(Collection entries)
────

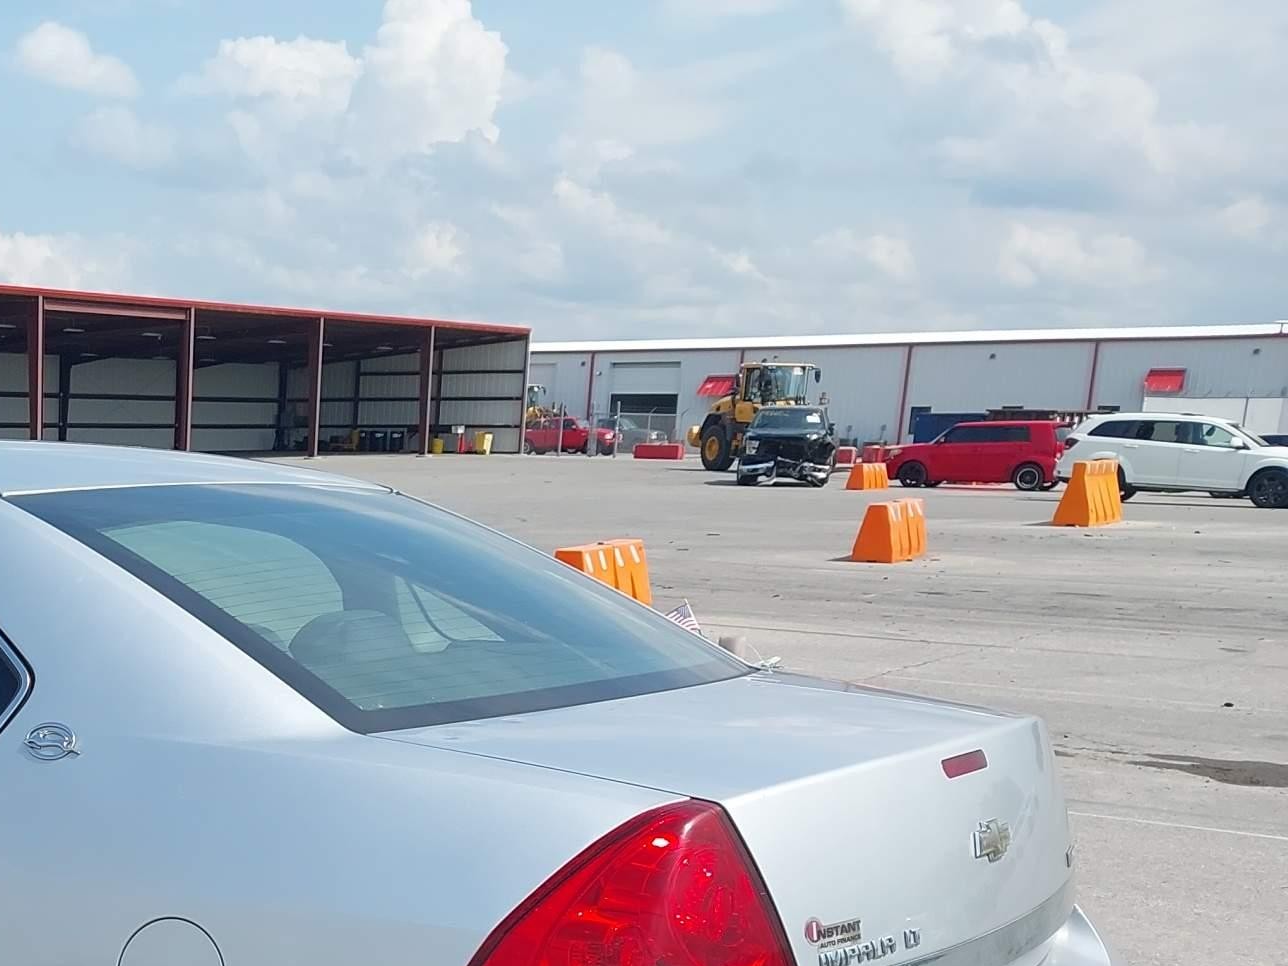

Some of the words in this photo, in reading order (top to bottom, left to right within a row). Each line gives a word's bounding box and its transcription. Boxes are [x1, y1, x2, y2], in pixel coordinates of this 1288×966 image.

[807, 919, 861, 941] INSTANT
[820, 940, 837, 949] AUTO
[837, 933, 862, 945] FINANCE
[904, 928, 921, 950] LT

────

**ASSIGNED TASK:** Without altering a word, return all of the records above and leave out their pictures.

**ANSWER SPACE:**
Some of the words in this photo, in reading order (top to bottom, left to right within a row). Each line gives a word's bounding box and its transcription. Boxes are [x1, y1, x2, y2], in pixel coordinates of this 1288×966 image.

[807, 919, 861, 941] INSTANT
[820, 940, 837, 949] AUTO
[837, 933, 862, 945] FINANCE
[904, 928, 921, 950] LT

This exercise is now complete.